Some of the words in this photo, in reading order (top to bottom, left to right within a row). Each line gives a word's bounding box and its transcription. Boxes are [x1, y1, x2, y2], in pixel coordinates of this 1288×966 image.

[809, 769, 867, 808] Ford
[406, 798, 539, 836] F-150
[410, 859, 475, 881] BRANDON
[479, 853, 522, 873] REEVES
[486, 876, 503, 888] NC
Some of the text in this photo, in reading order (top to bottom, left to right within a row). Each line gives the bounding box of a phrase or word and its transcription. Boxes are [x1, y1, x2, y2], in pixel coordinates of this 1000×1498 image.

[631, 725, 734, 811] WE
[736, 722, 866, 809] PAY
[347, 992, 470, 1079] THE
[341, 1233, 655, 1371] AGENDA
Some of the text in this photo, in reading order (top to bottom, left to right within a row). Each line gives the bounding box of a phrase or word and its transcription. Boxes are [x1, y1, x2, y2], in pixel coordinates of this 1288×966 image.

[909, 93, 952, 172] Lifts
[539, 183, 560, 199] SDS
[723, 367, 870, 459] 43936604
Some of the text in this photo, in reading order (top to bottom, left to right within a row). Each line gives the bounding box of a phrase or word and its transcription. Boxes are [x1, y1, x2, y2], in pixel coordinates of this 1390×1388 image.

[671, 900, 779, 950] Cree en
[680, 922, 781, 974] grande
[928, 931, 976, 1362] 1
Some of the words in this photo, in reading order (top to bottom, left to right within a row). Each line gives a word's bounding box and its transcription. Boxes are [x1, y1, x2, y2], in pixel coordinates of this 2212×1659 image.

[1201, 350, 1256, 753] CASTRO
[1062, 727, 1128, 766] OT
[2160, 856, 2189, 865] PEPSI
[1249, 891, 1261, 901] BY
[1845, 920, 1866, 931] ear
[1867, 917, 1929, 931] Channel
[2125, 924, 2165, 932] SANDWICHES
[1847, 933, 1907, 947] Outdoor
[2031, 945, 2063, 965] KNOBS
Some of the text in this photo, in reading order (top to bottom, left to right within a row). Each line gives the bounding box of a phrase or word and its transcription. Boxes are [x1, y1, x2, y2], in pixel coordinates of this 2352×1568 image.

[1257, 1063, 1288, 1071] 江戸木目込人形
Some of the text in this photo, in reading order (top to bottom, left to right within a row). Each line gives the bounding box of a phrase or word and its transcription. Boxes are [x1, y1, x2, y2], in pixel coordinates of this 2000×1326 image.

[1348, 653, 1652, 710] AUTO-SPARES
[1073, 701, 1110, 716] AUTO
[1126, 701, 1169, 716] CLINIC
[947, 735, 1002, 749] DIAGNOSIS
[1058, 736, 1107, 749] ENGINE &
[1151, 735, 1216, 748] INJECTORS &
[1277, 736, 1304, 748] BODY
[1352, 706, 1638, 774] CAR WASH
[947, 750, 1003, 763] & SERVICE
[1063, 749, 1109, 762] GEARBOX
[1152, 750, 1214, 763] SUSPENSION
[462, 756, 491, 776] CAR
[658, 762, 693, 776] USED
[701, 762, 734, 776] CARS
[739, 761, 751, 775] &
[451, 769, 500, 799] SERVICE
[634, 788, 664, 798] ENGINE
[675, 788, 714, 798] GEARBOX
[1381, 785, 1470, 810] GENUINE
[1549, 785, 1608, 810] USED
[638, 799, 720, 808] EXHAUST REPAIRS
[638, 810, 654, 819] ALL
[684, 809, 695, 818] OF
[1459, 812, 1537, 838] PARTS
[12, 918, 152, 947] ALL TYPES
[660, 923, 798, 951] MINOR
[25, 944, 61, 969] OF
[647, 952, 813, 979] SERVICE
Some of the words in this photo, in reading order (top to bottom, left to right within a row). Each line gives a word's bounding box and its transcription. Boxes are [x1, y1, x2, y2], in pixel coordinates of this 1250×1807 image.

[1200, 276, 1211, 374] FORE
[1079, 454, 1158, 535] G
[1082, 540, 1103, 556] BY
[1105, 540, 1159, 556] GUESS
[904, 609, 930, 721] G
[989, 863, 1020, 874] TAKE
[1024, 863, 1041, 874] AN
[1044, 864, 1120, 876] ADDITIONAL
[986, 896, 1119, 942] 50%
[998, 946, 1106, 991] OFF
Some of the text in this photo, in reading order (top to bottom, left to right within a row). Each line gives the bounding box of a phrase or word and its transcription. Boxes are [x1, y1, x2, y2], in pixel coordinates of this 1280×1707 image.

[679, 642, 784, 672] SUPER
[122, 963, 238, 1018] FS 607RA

- WHAT YOU WILL DO
Go through the data above and transcribe every entry exactly.

- OUTPUT OF THE EXERCISE
Some of the words in this photo, in reading order (top to bottom, left to right within a row). Each line gives a word's bounding box and its transcription. Boxes are [x1, y1, x2, y2], in pixel coordinates of this 1288×966 image.

[809, 769, 867, 808] Ford
[406, 798, 539, 836] F-150
[410, 859, 475, 881] BRANDON
[479, 853, 522, 873] REEVES
[486, 876, 503, 888] NC
Some of the text in this photo, in reading order (top to bottom, left to right within a row). Each line gives the bounding box of a phrase or word and its transcription. Boxes are [x1, y1, x2, y2], in pixel coordinates of this 1000×1498 image.

[631, 725, 734, 811] WE
[736, 722, 866, 809] PAY
[347, 992, 470, 1079] THE
[341, 1233, 655, 1371] AGENDA
Some of the text in this photo, in reading order (top to bottom, left to right within a row). Each line gives the bounding box of a phrase or word and its transcription. Boxes are [x1, y1, x2, y2], in pixel coordinates of this 1288×966 image.

[909, 93, 952, 172] Lifts
[539, 183, 560, 199] SDS
[723, 367, 870, 459] 43936604
Some of the text in this photo, in reading order (top to bottom, left to right within a row). Each line gives the bounding box of a phrase or word and its transcription. Boxes are [x1, y1, x2, y2], in pixel coordinates of this 1390×1388 image.

[671, 900, 779, 950] Cree en
[680, 922, 781, 974] grande
[928, 931, 976, 1362] 1
Some of the words in this photo, in reading order (top to bottom, left to right within a row). Each line gives a word's bounding box and its transcription. Boxes are [x1, y1, x2, y2], in pixel coordinates of this 2212×1659 image.

[1201, 350, 1256, 753] CASTRO
[1062, 727, 1128, 766] OT
[2160, 856, 2189, 865] PEPSI
[1249, 891, 1261, 901] BY
[1845, 920, 1866, 931] ear
[1867, 917, 1929, 931] Channel
[2125, 924, 2165, 932] SANDWICHES
[1847, 933, 1907, 947] Outdoor
[2031, 945, 2063, 965] KNOBS
Some of the text in this photo, in reading order (top to bottom, left to right within a row). Each line gives the bounding box of a phrase or word and its transcription. Boxes are [x1, y1, x2, y2], in pixel coordinates of this 2352×1568 image.

[1257, 1063, 1288, 1071] 江戸木目込人形
Some of the text in this photo, in reading order (top to bottom, left to right within a row). Each line gives the bounding box of a phrase or word and its transcription. Boxes are [x1, y1, x2, y2], in pixel coordinates of this 2000×1326 image.

[1348, 653, 1652, 710] AUTO-SPARES
[1073, 701, 1110, 716] AUTO
[1126, 701, 1169, 716] CLINIC
[947, 735, 1002, 749] DIAGNOSIS
[1058, 736, 1107, 749] ENGINE &
[1151, 735, 1216, 748] INJECTORS &
[1277, 736, 1304, 748] BODY
[1352, 706, 1638, 774] CAR WASH
[947, 750, 1003, 763] & SERVICE
[1063, 749, 1109, 762] GEARBOX
[1152, 750, 1214, 763] SUSPENSION
[462, 756, 491, 776] CAR
[658, 762, 693, 776] USED
[701, 762, 734, 776] CARS
[739, 761, 751, 775] &
[451, 769, 500, 799] SERVICE
[634, 788, 664, 798] ENGINE
[675, 788, 714, 798] GEARBOX
[1381, 785, 1470, 810] GENUINE
[1549, 785, 1608, 810] USED
[638, 799, 720, 808] EXHAUST REPAIRS
[638, 810, 654, 819] ALL
[684, 809, 695, 818] OF
[1459, 812, 1537, 838] PARTS
[12, 918, 152, 947] ALL TYPES
[660, 923, 798, 951] MINOR
[25, 944, 61, 969] OF
[647, 952, 813, 979] SERVICE
Some of the words in this photo, in reading order (top to bottom, left to right within a row). Each line gives a word's bounding box and its transcription. Boxes are [x1, y1, x2, y2], in pixel coordinates of this 1250×1807 image.

[1200, 276, 1211, 374] FORE
[1079, 454, 1158, 535] G
[1082, 540, 1103, 556] BY
[1105, 540, 1159, 556] GUESS
[904, 609, 930, 721] G
[989, 863, 1020, 874] TAKE
[1024, 863, 1041, 874] AN
[1044, 864, 1120, 876] ADDITIONAL
[986, 896, 1119, 942] 50%
[998, 946, 1106, 991] OFF
Some of the text in this photo, in reading order (top to bottom, left to right within a row). Each line gives the bounding box of a phrase or word and its transcription. Boxes are [x1, y1, x2, y2], in pixel coordinates of this 1280×1707 image.

[679, 642, 784, 672] SUPER
[122, 963, 238, 1018] FS 607RA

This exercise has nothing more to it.